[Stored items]

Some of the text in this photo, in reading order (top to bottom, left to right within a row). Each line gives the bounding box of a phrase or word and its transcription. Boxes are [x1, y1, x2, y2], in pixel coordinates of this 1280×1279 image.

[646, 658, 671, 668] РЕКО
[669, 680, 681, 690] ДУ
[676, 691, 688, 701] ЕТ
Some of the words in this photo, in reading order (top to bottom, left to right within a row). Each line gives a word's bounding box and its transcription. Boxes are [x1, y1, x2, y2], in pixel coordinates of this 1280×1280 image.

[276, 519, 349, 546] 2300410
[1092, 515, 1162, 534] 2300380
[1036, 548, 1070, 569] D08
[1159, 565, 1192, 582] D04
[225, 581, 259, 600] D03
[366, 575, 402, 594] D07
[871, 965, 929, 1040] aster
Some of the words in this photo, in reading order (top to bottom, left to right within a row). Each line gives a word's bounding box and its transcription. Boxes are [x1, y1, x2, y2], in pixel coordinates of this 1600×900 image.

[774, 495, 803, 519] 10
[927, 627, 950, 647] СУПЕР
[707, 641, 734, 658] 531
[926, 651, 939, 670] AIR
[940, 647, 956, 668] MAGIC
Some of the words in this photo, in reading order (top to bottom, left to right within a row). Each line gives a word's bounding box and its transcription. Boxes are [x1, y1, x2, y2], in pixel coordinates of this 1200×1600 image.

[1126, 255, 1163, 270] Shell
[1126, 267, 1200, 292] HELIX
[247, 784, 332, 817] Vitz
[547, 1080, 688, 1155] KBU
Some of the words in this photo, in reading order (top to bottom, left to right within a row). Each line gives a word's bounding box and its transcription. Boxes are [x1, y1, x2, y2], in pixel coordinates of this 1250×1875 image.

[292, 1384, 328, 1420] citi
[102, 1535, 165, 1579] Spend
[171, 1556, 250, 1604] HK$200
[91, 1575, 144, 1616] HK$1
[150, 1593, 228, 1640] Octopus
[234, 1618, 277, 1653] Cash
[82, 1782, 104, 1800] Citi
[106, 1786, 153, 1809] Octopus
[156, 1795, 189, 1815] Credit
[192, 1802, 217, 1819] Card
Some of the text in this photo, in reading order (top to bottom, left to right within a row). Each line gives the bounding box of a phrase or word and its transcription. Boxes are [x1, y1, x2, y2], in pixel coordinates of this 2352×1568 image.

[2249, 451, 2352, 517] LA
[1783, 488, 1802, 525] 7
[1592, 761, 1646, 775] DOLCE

• Task description: The entries above, copied exactly, form the whole answer.

• Exercise response:
Some of the text in this photo, in reading order (top to bottom, left to right within a row). Each line gives the bounding box of a phrase or word and its transcription. Boxes are [x1, y1, x2, y2], in pixel coordinates of this 1280×1279 image.

[646, 658, 671, 668] РЕКО
[669, 680, 681, 690] ДУ
[676, 691, 688, 701] ЕТ
Some of the words in this photo, in reading order (top to bottom, left to right within a row). Each line gives a word's bounding box and its transcription. Boxes are [x1, y1, x2, y2], in pixel coordinates of this 1280×1280 image.

[276, 519, 349, 546] 2300410
[1092, 515, 1162, 534] 2300380
[1036, 548, 1070, 569] D08
[1159, 565, 1192, 582] D04
[225, 581, 259, 600] D03
[366, 575, 402, 594] D07
[871, 965, 929, 1040] aster
Some of the words in this photo, in reading order (top to bottom, left to right within a row). Each line gives a word's bounding box and its transcription. Boxes are [x1, y1, x2, y2], in pixel coordinates of this 1600×900 image.

[774, 495, 803, 519] 10
[927, 627, 950, 647] СУПЕР
[707, 641, 734, 658] 531
[926, 651, 939, 670] AIR
[940, 647, 956, 668] MAGIC
Some of the words in this photo, in reading order (top to bottom, left to right within a row). Each line gives a word's bounding box and its transcription. Boxes are [x1, y1, x2, y2], in pixel coordinates of this 1200×1600 image.

[1126, 255, 1163, 270] Shell
[1126, 267, 1200, 292] HELIX
[247, 784, 332, 817] Vitz
[547, 1080, 688, 1155] KBU
Some of the words in this photo, in reading order (top to bottom, left to right within a row). Each line gives a word's bounding box and its transcription. Boxes are [x1, y1, x2, y2], in pixel coordinates of this 1250×1875 image.

[292, 1384, 328, 1420] citi
[102, 1535, 165, 1579] Spend
[171, 1556, 250, 1604] HK$200
[91, 1575, 144, 1616] HK$1
[150, 1593, 228, 1640] Octopus
[234, 1618, 277, 1653] Cash
[82, 1782, 104, 1800] Citi
[106, 1786, 153, 1809] Octopus
[156, 1795, 189, 1815] Credit
[192, 1802, 217, 1819] Card
Some of the text in this photo, in reading order (top to bottom, left to right within a row). Each line gives the bounding box of a phrase or word and its transcription. Boxes are [x1, y1, x2, y2], in pixel coordinates of this 2352×1568 image.

[2249, 451, 2352, 517] LA
[1783, 488, 1802, 525] 7
[1592, 761, 1646, 775] DOLCE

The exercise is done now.